> [Brief] The records must be retyped exactly, with no pictures included.
#### Recorded data
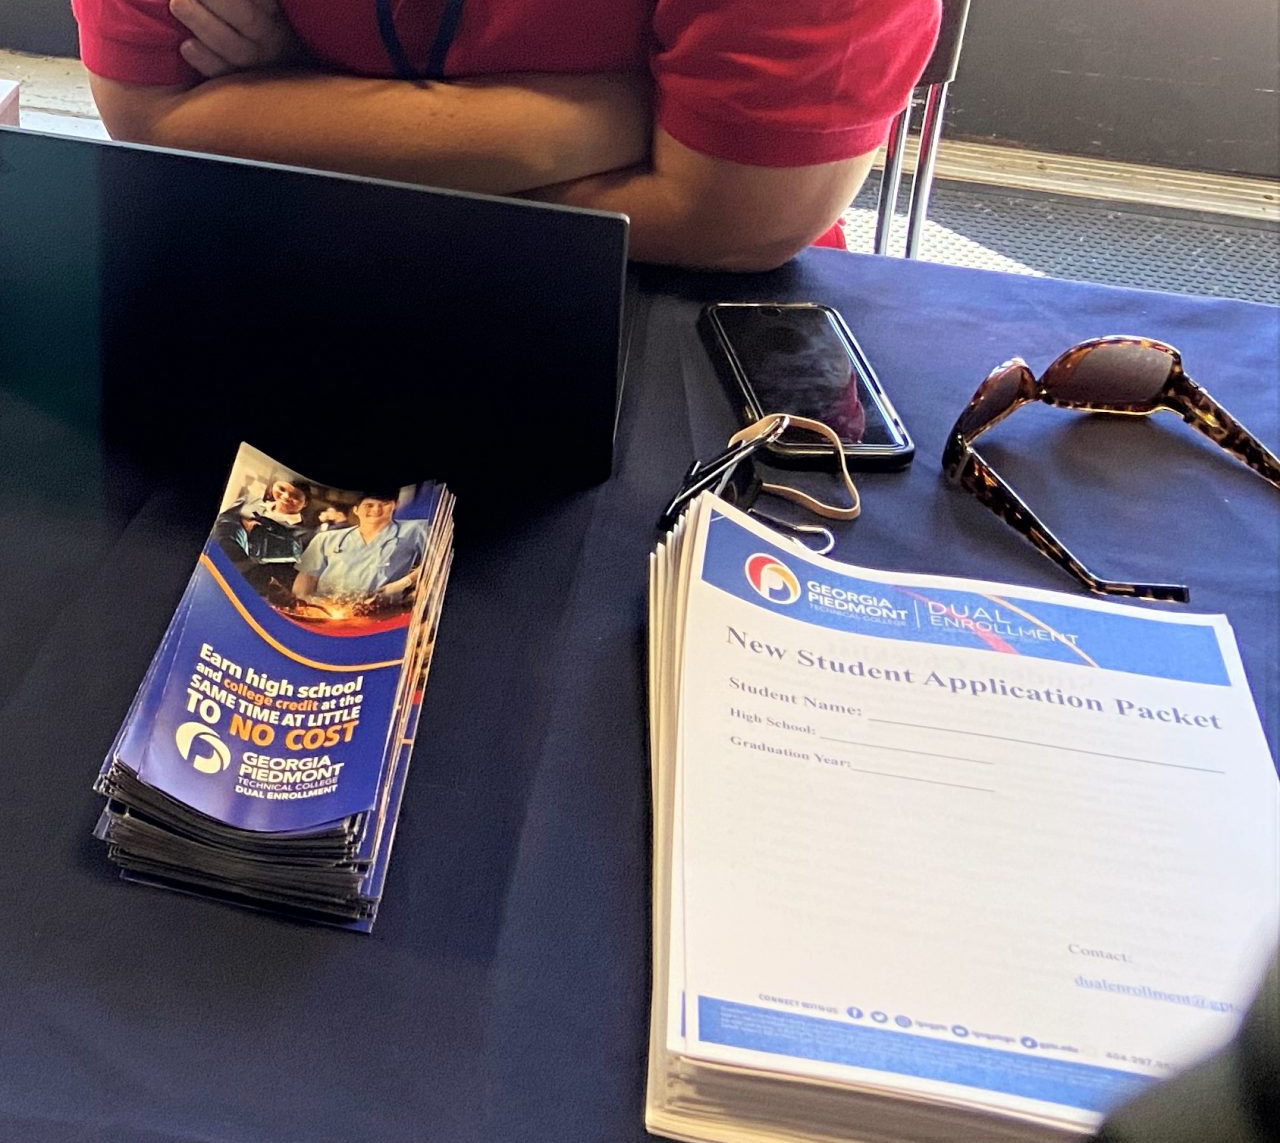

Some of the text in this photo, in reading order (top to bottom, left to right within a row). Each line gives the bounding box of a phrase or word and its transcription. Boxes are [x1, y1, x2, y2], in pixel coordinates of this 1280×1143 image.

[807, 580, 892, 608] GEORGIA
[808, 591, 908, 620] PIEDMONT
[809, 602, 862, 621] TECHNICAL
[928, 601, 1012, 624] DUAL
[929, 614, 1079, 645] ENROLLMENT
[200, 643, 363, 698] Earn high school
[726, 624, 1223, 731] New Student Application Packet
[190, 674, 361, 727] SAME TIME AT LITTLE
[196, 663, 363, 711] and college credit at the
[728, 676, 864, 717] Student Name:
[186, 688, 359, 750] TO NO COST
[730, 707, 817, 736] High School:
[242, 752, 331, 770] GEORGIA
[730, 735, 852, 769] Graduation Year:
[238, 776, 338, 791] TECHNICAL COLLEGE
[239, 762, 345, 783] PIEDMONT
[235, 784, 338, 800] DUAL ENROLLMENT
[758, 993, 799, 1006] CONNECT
########
> [Solution to the problem]
Some of the text in this photo, in reading order (top to bottom, left to right within a row). Each line gives the bounding box of a phrase or word and its transcription. Boxes are [x1, y1, x2, y2], in pixel coordinates of this 1280×1143 image.

[807, 580, 892, 608] GEORGIA
[808, 591, 908, 620] PIEDMONT
[809, 602, 862, 621] TECHNICAL
[928, 601, 1012, 624] DUAL
[929, 614, 1079, 645] ENROLLMENT
[200, 643, 363, 698] Earn high school
[726, 624, 1223, 731] New Student Application Packet
[190, 674, 361, 727] SAME TIME AT LITTLE
[196, 663, 363, 711] and college credit at the
[728, 676, 864, 717] Student Name:
[186, 688, 359, 750] TO NO COST
[730, 707, 817, 736] High School:
[242, 752, 331, 770] GEORGIA
[730, 735, 852, 769] Graduation Year:
[238, 776, 338, 791] TECHNICAL COLLEGE
[239, 762, 345, 783] PIEDMONT
[235, 784, 338, 800] DUAL ENROLLMENT
[758, 993, 799, 1006] CONNECT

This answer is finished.